In the dendritic tree and soma of the Purkinje cells, there are voltage-dependent calcium channels that belong for the most part to the P / Q-type. This effect at high depolarization ( such as an action potential, or synaptic activity of climbing and / or parallel fibers) an influx of calcium ions into the cell.

In the membrane of the endoplasmic reticulum (ER) of Purkinje cells are ligand- activated calcium channels, both IP3 receptors and ryanodine receptors.

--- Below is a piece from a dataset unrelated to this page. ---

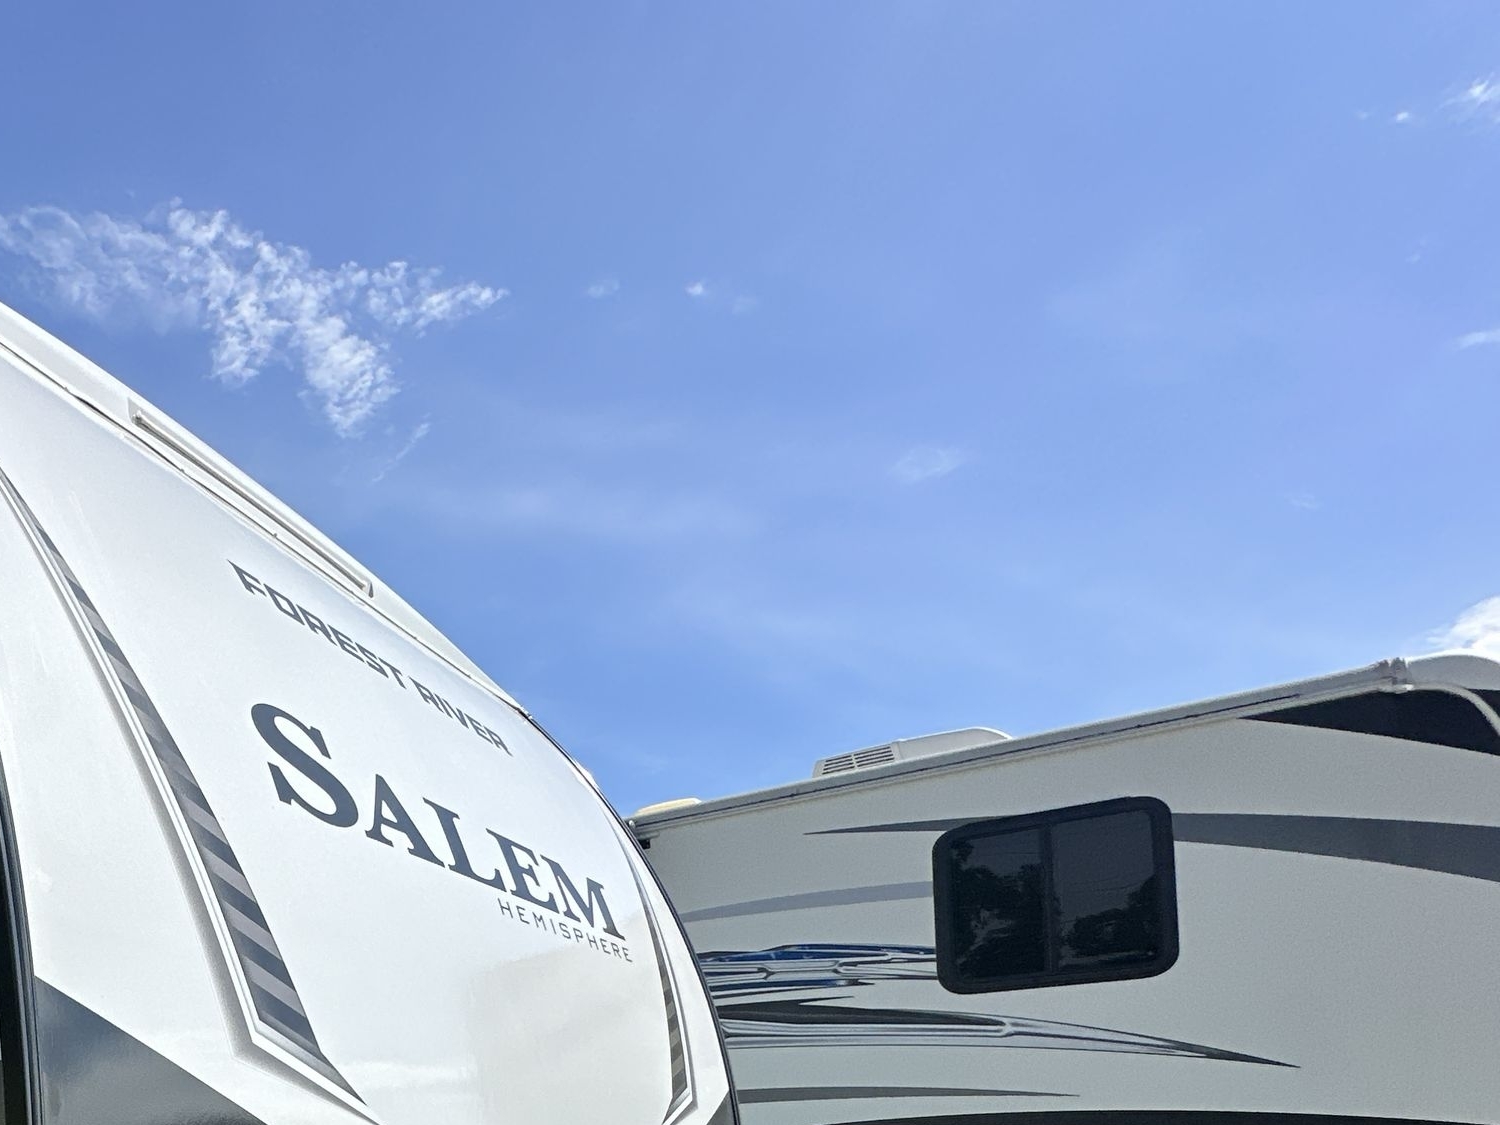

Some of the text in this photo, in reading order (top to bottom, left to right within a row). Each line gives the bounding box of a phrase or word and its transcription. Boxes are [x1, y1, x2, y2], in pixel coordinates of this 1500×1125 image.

[226, 559, 513, 757] FOREST RIVER
[251, 703, 625, 940] SALEM
[497, 897, 633, 963] HEMISPHERE

Both set when activated calcium ions from the ER calcium storage in the cytosol free and there increasing the concentration of so-called free calcium ions. Of the various receptors of the subtype 1 IP3 ( IP3R1 ) in Purkinje cells is primarily expressed as compared to other cell types in at least a 10-fold amount.

Spontaneous activity of Purkinje cells

Purkinje cells are characterized by a high level of spontaneous activity. By this is meant that they generate action potentials regardless of whether they are excited by climbing or parallel fibers. They fire at a frequency of about 50-150 Hz as rhythm generators commonly used are calcium - activated potassium channels, the so-called BK channels.